Received this from an expatriot who lives in New Zealand!
Sent: Sunday, June 29, 2008 8:22 AM
Subject: Re: Truly extraordinary times!!
Left supports Right defending liberty
By Tony Benn
Last Updated: 12:01am BST 29/06/2008
Libertarians from the Left and Right sometimes meet in the middle against
an authoritarian state. In 1961, having served for 10 years as an MP for
Bristol South East, I was declared disqualified because my father had been
a peer and he had died. It was argued that I had inherited his peerage.
A by-election was called, and, despite my disqualification, I decided to
contest it to argue a point of principle. Winston Churchill, the former
Conservative Prime Minister, sent me a letter of support for which I am,
this day, most grateful.
I must be the only Labour candidate who has ever circulated 30,000 copies
of a letter from a Tory leader to my constituents. The law that prevented me
sitting in the Commons was later changed as a result of that by-election. So
when I heard that David Davis was standing in the Haltemprice and Howden
by-election, I decided to support him. I hope the Government’s move towards
42 days’ detention without charge, recently passed in the House of Commons,
will be stopped as a result of his campaign. The civil liberties issues on
which Mr Davis stands are important to the future of this country. Last
Friday I attended a conference organised by Lincoln Cathedral on Magna
Carta, an original of which they hold. Magna Carta had nothing to do with
democracy, but one phrase in it has registered worldwide: “no man shall be
taken [and] imprisoned. except by the lawful judgement of his peers.”
For many years the Labour government has boasted about the traditional
values and freedoms of this country; and yet, when its MPs voted to amend
the Terrorism Act and permit 42 days in prison without charge, they
effectively repealed Magna Carta. Such a law would mean that people could be
imprisoned for six weeks, then released without charge or trial but also
without ever being properly acquitted: a cloud of suspicion would remain.

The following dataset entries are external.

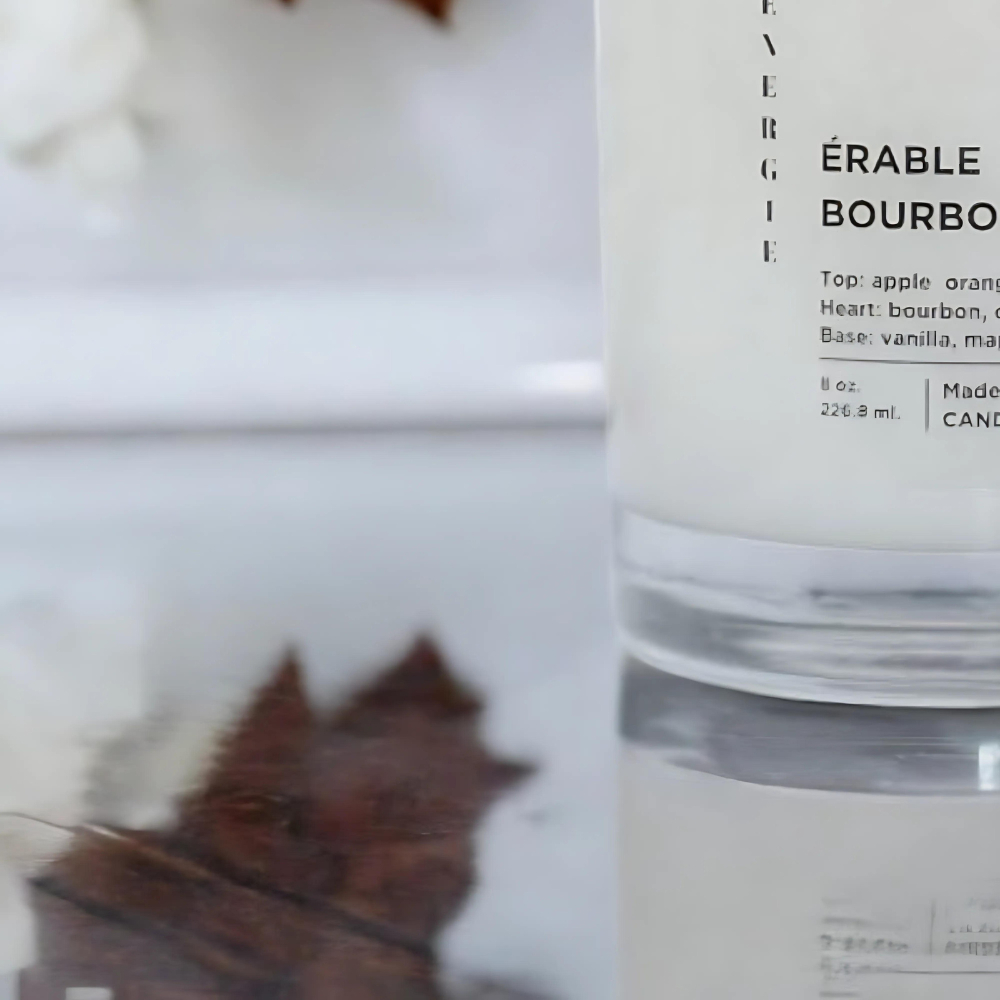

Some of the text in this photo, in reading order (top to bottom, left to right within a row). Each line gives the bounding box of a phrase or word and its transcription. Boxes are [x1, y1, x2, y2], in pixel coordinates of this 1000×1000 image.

[821, 135, 982, 176] ÉRABLE
[820, 270, 865, 292] Top:
[819, 299, 882, 318] Heart:
[888, 301, 988, 324] bourbon,
[819, 325, 873, 346] Base:

It is also clear that anyone released after such a period would almost
certainly find their life destroyed, with their job lost and real risk posed
to any prospect of future employment.
There are two other critical ways in which liberties are being eroded,
both highlighted by Mr Davis. The first is identity cards. I have no
objection to them in principle,
because in the course of my life I have held many cards with my photo, name
and profession printed on them. What matters more is the huge database being
established in concert with ID cards, on which will be gathered every bit of
information that it is possible to collect. It may contain your financial
status, political opinions, email contacts and more – no one will really
know what is on that database.
Indeed, the information held may be inaccurate. When I recently renewed my
passport, I noticed that I am still described as a Member of Parliament.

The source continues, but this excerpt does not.